Stored items from a collection:
**********

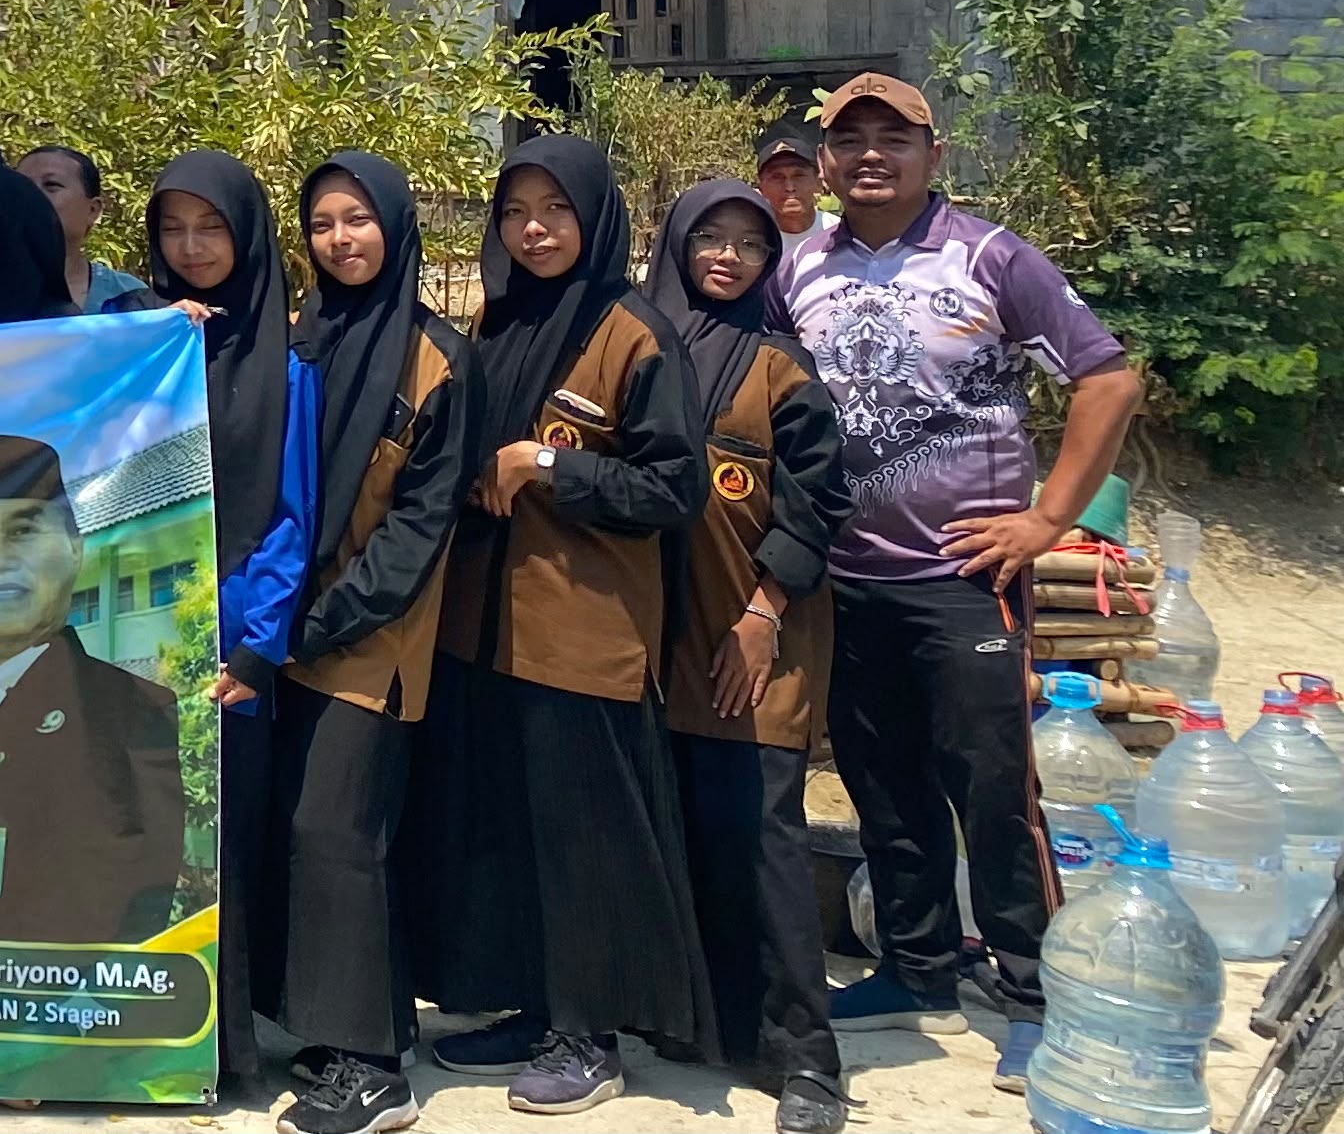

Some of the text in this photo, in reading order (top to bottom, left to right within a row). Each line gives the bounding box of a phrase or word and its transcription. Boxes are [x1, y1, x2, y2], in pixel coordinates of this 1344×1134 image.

[850, 77, 888, 95] alo
[95, 961, 175, 994] M.Ag.
[25, 1000, 39, 1022] 2
[45, 1003, 121, 1030] Sragen
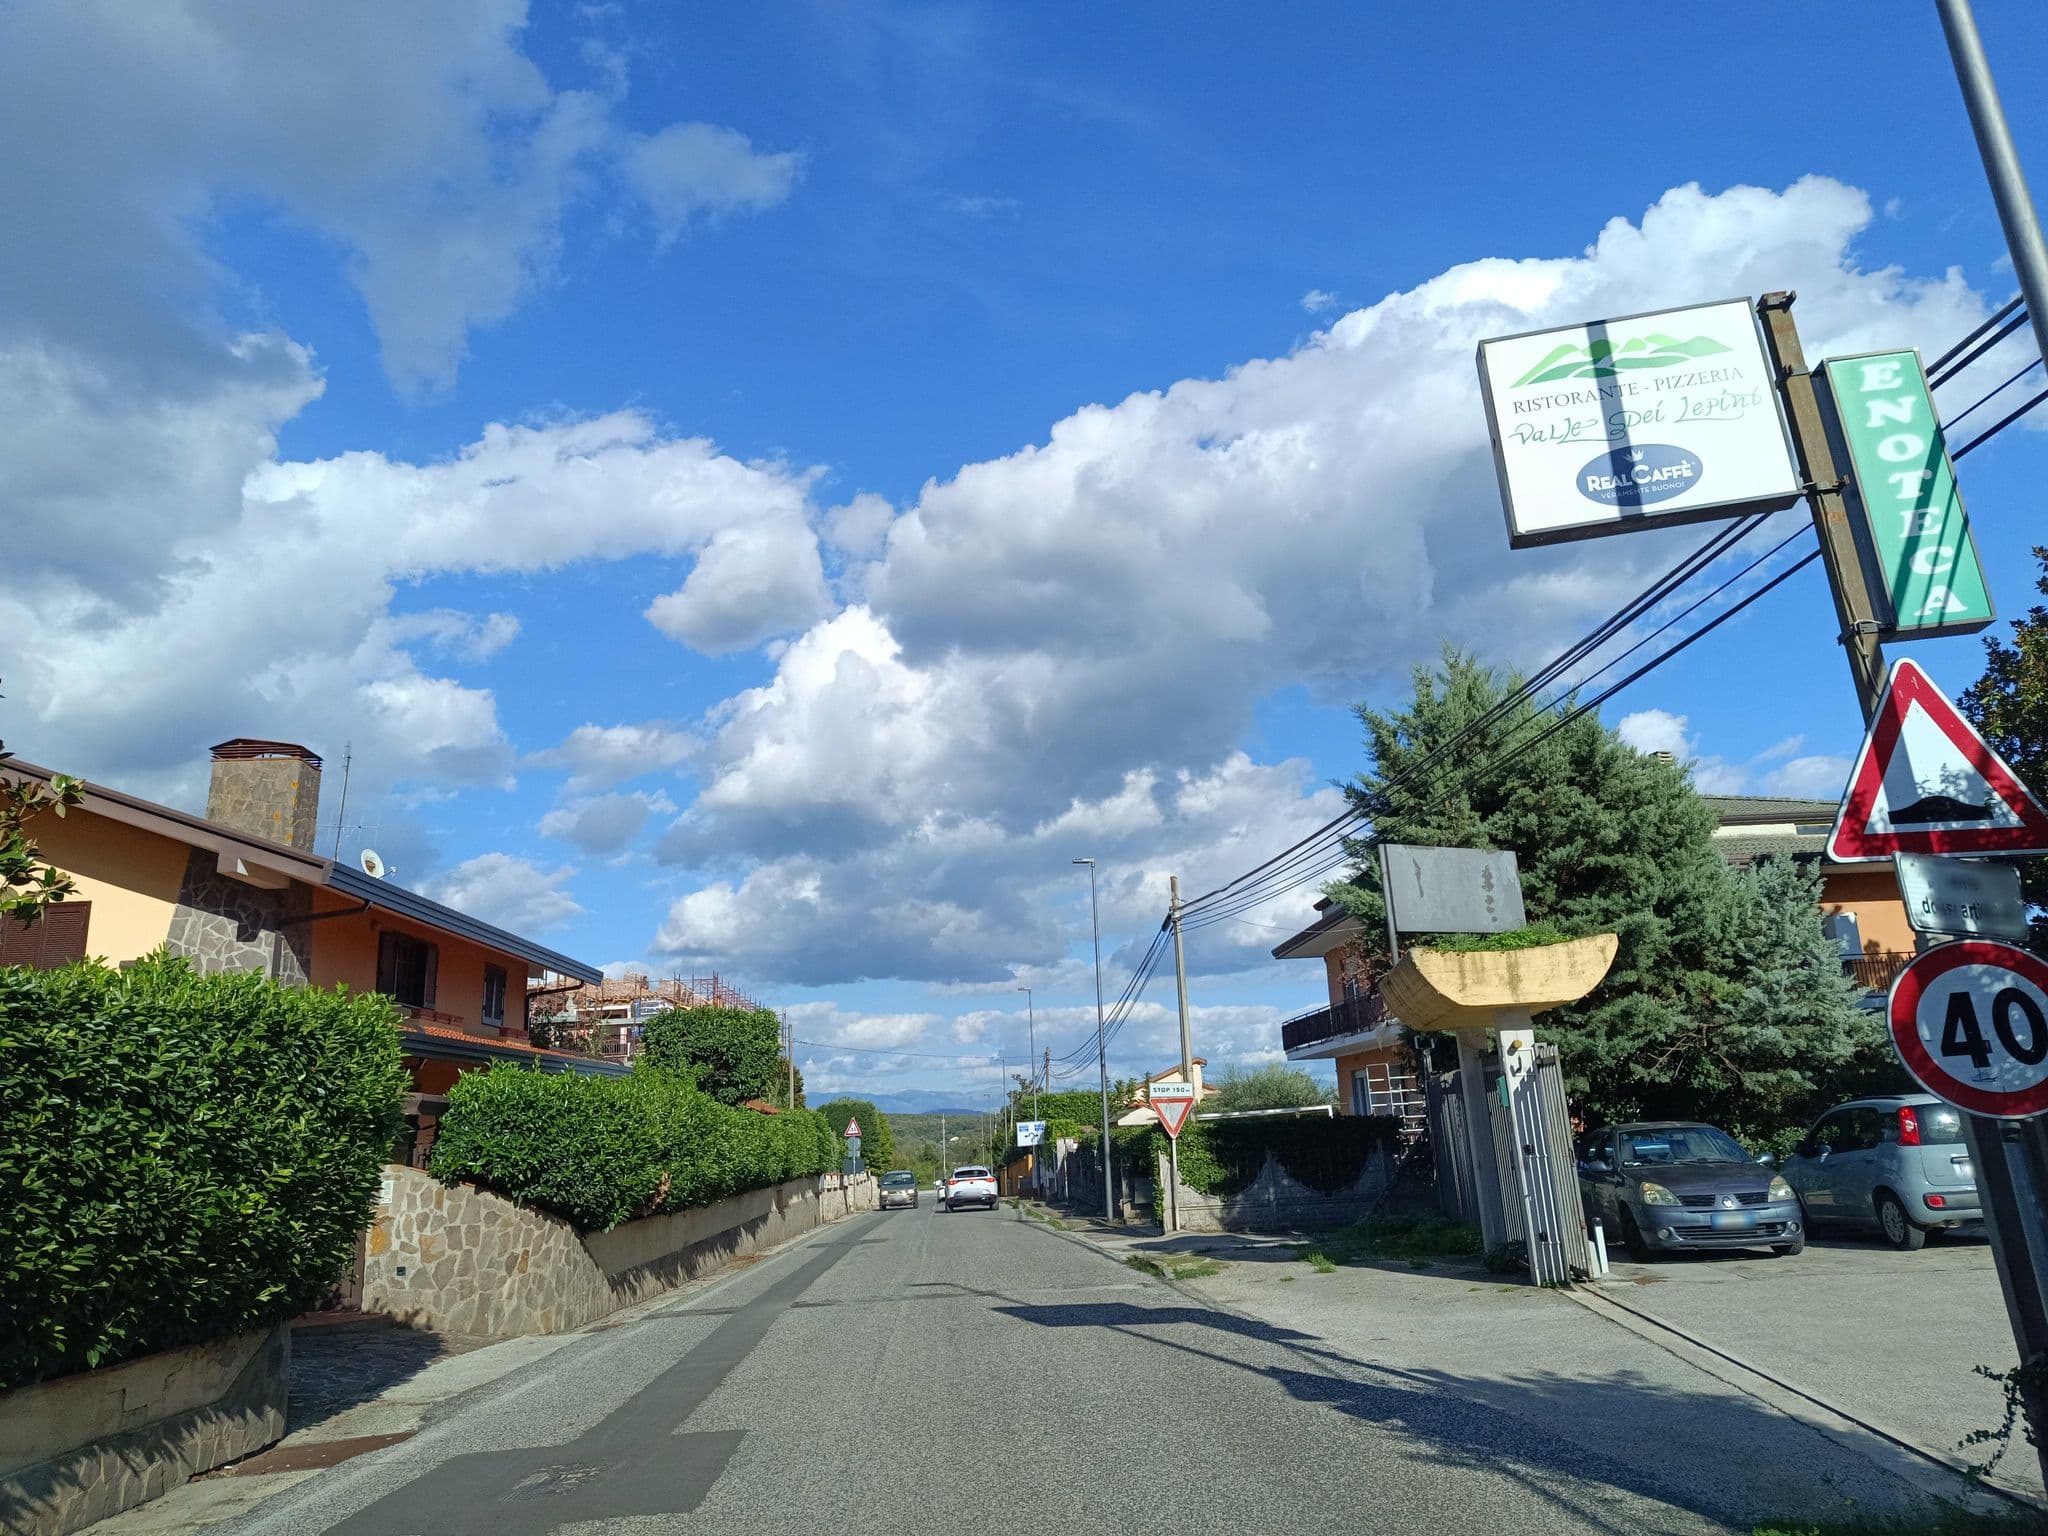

**********

Could you return all of the entries above exactly, without any images?

Answer space:
Some of the text in this photo, in reading order (top to bottom, left to right within a row). Each line gives the bounding box of a phrase or word and its transcription. Boxes are [x1, y1, x2, y2], in pixel coordinates of this 1344×1134 image.

[850, 77, 888, 95] alo
[95, 961, 175, 994] M.Ag.
[25, 1000, 39, 1022] 2
[45, 1003, 121, 1030] Sragen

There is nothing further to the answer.